▶ What you have to do:
Although the entries contain pictures, only their words should be duplicated exactly.

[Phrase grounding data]
§ §

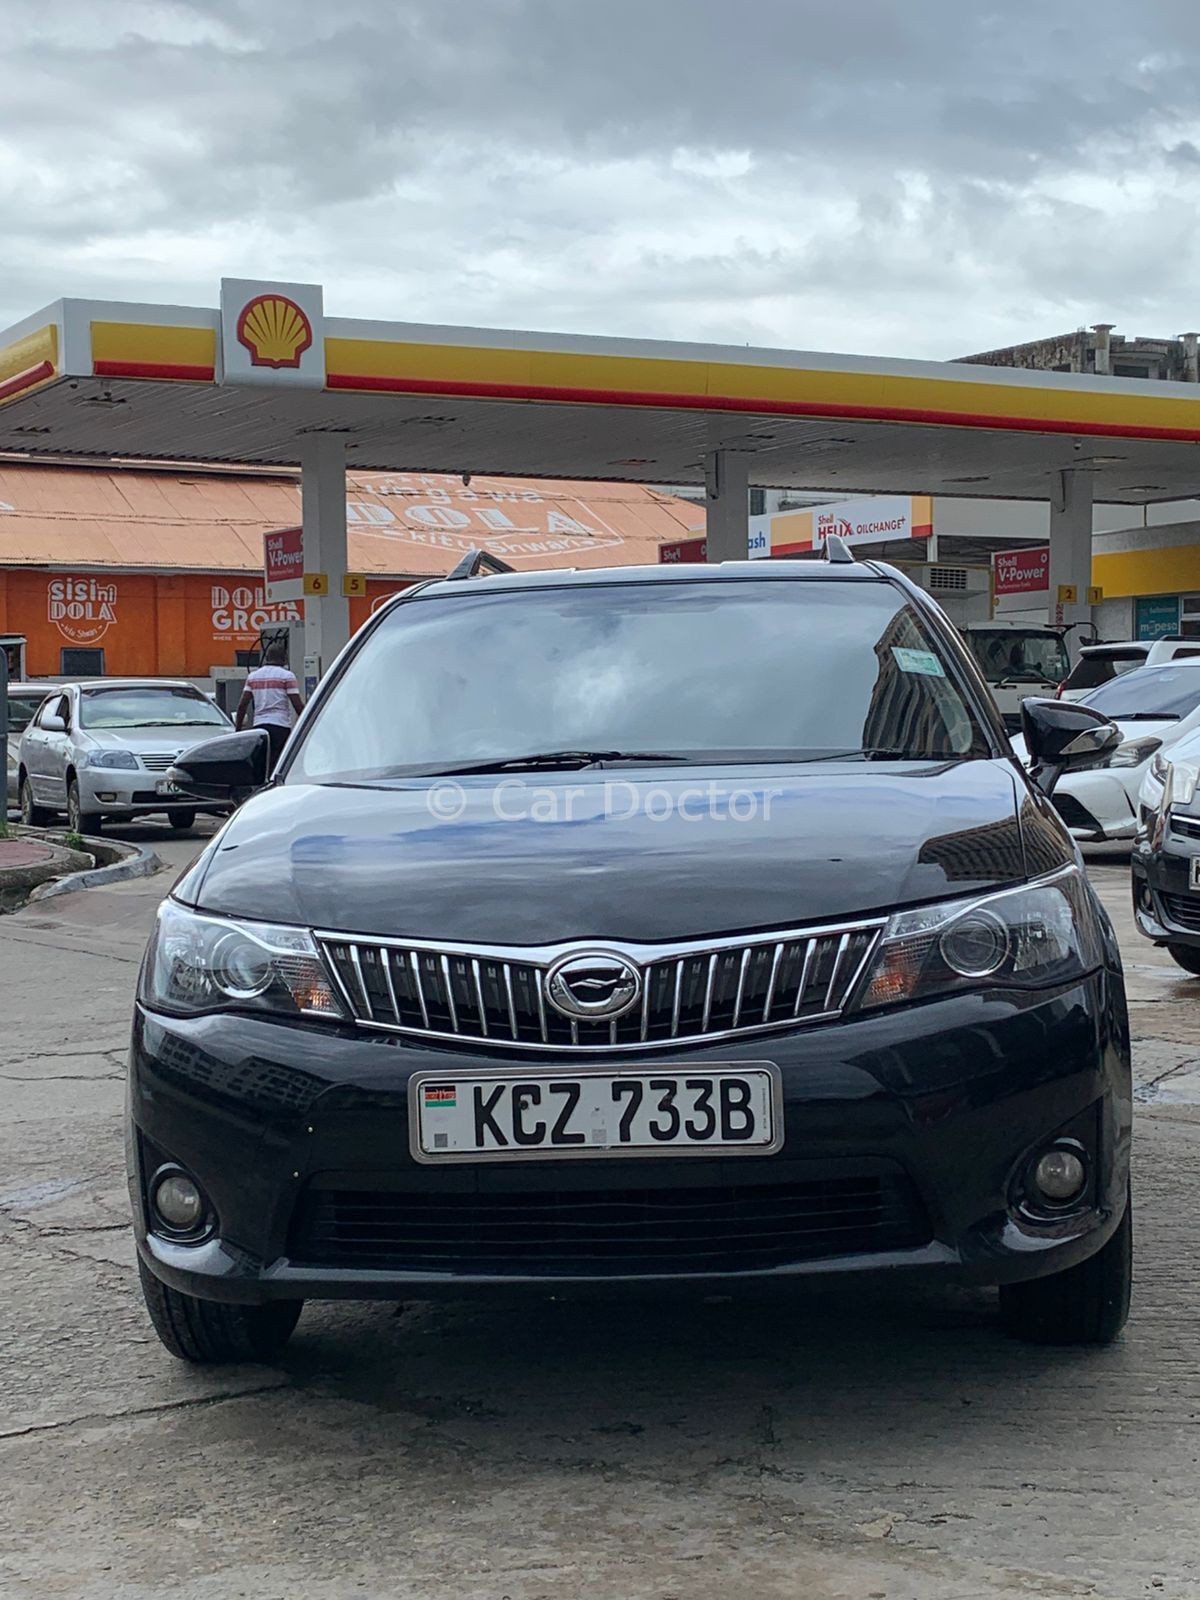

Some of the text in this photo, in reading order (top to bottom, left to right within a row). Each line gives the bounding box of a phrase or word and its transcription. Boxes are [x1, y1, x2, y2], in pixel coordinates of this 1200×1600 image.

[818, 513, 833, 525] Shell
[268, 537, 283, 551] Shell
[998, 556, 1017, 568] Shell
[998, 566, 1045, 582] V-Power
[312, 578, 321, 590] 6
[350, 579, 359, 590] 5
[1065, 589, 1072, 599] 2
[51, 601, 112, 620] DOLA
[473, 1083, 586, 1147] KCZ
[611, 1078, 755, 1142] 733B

§ §

▶ Expected answer:
Some of the text in this photo, in reading order (top to bottom, left to right within a row). Each line gives the bounding box of a phrase or word and its transcription. Boxes are [x1, y1, x2, y2], in pixel coordinates of this 1200×1600 image.

[818, 513, 833, 525] Shell
[268, 537, 283, 551] Shell
[998, 556, 1017, 568] Shell
[998, 566, 1045, 582] V-Power
[312, 578, 321, 590] 6
[350, 579, 359, 590] 5
[1065, 589, 1072, 599] 2
[51, 601, 112, 620] DOLA
[473, 1083, 586, 1147] KCZ
[611, 1078, 755, 1142] 733B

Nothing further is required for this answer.